Required action
Go through the records and filter out every line lacking the word "TALK"; copy the lines that remain.

Start of Block

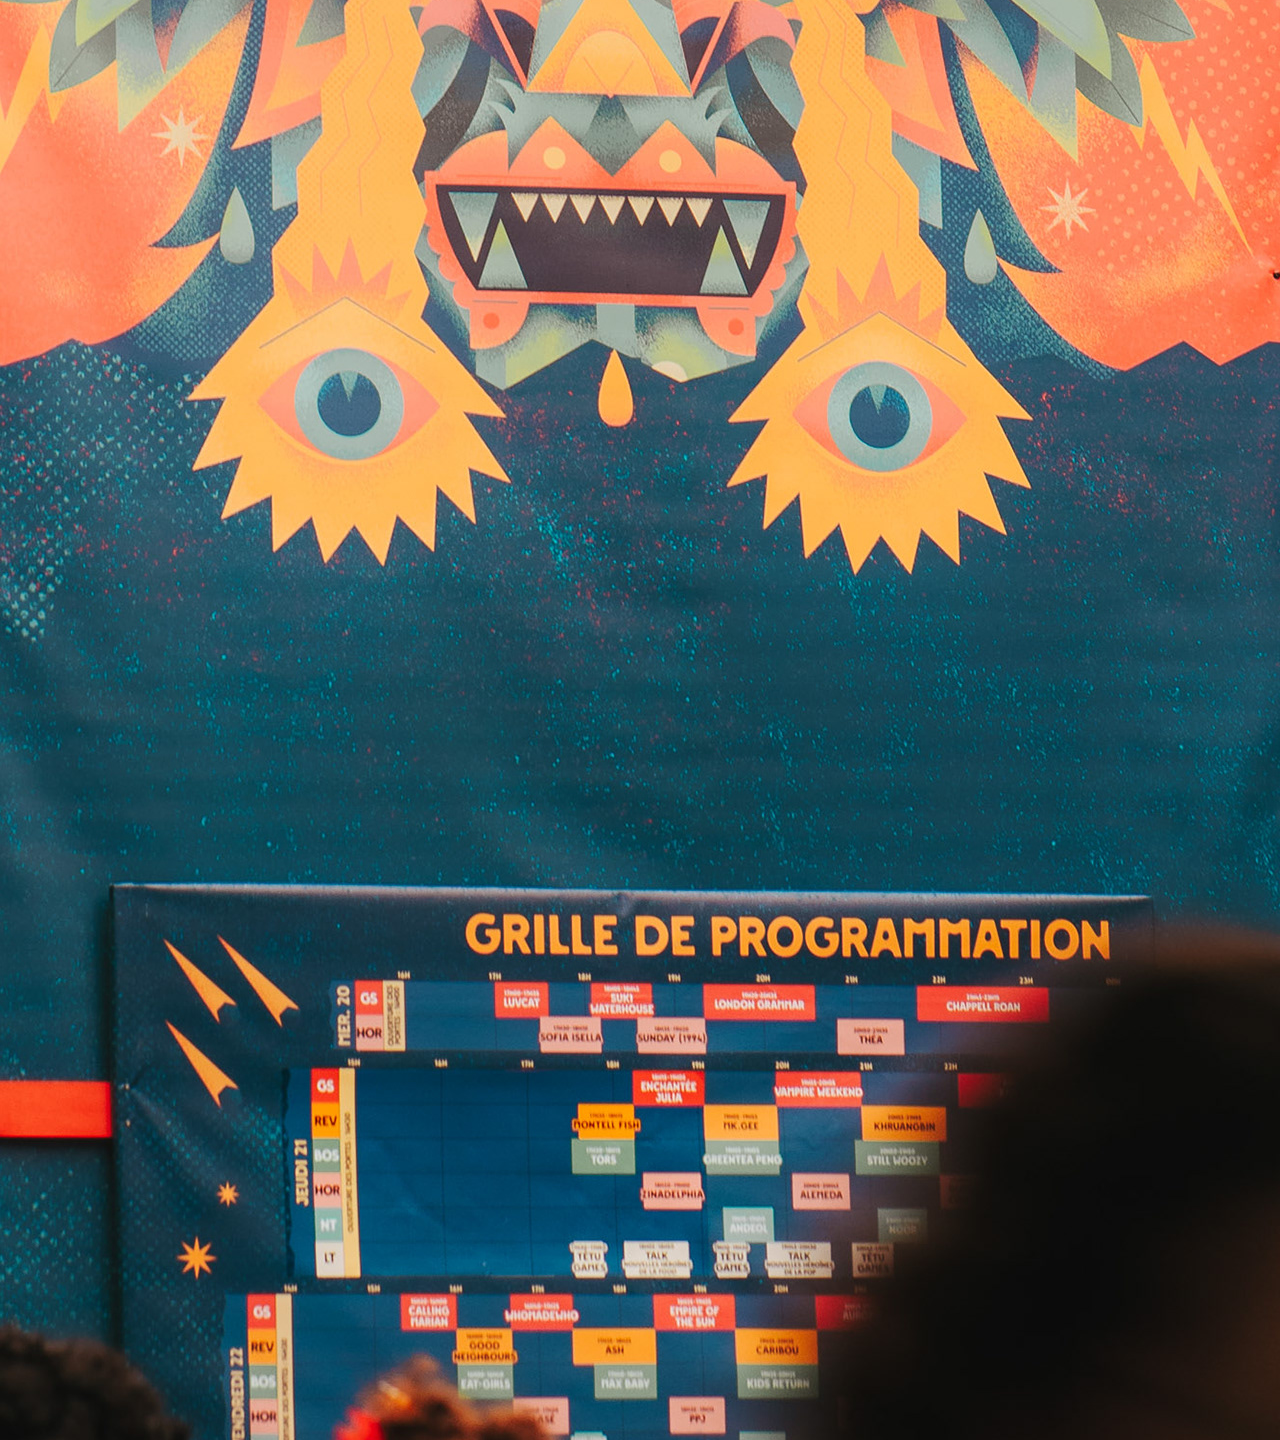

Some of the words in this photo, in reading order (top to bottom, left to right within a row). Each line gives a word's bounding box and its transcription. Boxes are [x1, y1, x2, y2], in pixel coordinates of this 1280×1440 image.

[465, 913, 619, 955] GRILLE
[635, 915, 696, 957] DE
[710, 915, 1111, 961] PROGRAMMATION
[489, 972, 502, 982] 17H
[756, 974, 770, 983] 20H
[336, 985, 350, 1006] 20
[360, 991, 378, 1006] GS
[610, 993, 634, 1004] SUKI
[503, 997, 540, 1009] LUVCAT
[590, 1003, 654, 1015] WATERHOUSE
[714, 999, 754, 1011] LONDON
[757, 999, 805, 1011] GRAMMAR
[946, 1001, 994, 1013] CHAPPELL
[996, 1001, 1021, 1013] ROAN
[337, 1009, 351, 1047] MER.
[357, 1027, 382, 1039] HOR
[540, 1033, 568, 1043] SOFIA
[572, 1033, 603, 1043] ISELLA
[638, 1033, 675, 1043] SUNDAY
[678, 1033, 707, 1044] (1994)
[859, 1033, 883, 1044] THÉA
[316, 1079, 335, 1094] GS
[640, 1078, 697, 1092] ENCHANTÉE
[775, 1085, 815, 1097] VAMPIRE
[817, 1086, 863, 1098] WEEKEND
[655, 1092, 683, 1104] JULIA
[314, 1115, 337, 1127] REV
[573, 1119, 615, 1130] MONTELL
[618, 1119, 640, 1130] FISH
[874, 1121, 936, 1132] KHRUANGBIN
[294, 1138, 308, 1156] 21
[314, 1149, 339, 1163] BOS
[591, 1154, 617, 1166] TORS
[704, 1155, 751, 1166] GREENTEA
[753, 1155, 782, 1166] PENG
[867, 1155, 890, 1166] STILL
[892, 1155, 928, 1167] WOOZY
[295, 1159, 309, 1208] JEUDI
[315, 1184, 340, 1196] HOR
[642, 1189, 704, 1200] ZINADELPHIA
[800, 1189, 843, 1200] ALEMEDA
[320, 1218, 337, 1232] NT
[324, 1253, 335, 1264] LT
[646, 1252, 668, 1260] TALK
[789, 1252, 810, 1261] TALK
[253, 1305, 271, 1319] GS
[408, 1305, 450, 1317] CALLING
[505, 1309, 579, 1321] WHOMADEWHO
[670, 1305, 704, 1317] EMPIRE
[706, 1305, 720, 1317] OF
[410, 1316, 449, 1328] MARIAN
[674, 1316, 693, 1327] THE
[696, 1316, 715, 1328] SUN
[251, 1341, 274, 1353] REV
[469, 1340, 500, 1351] GOOD
[605, 1344, 625, 1355] ASH
[756, 1345, 799, 1356] CARIBOU
[229, 1347, 244, 1368] 22
[454, 1351, 517, 1362] NEIGHBOURS
[251, 1374, 276, 1389] BOS
[460, 1378, 510, 1390] EAT-GIRLS
[601, 1378, 622, 1389] MAX
[624, 1378, 650, 1390] BABY
[746, 1377, 770, 1390] KIDS
[773, 1378, 810, 1390] RETURN
[251, 1411, 277, 1423] HOR

End of Block

Exercise output
[646, 1252, 668, 1260] TALK
[789, 1252, 810, 1261] TALK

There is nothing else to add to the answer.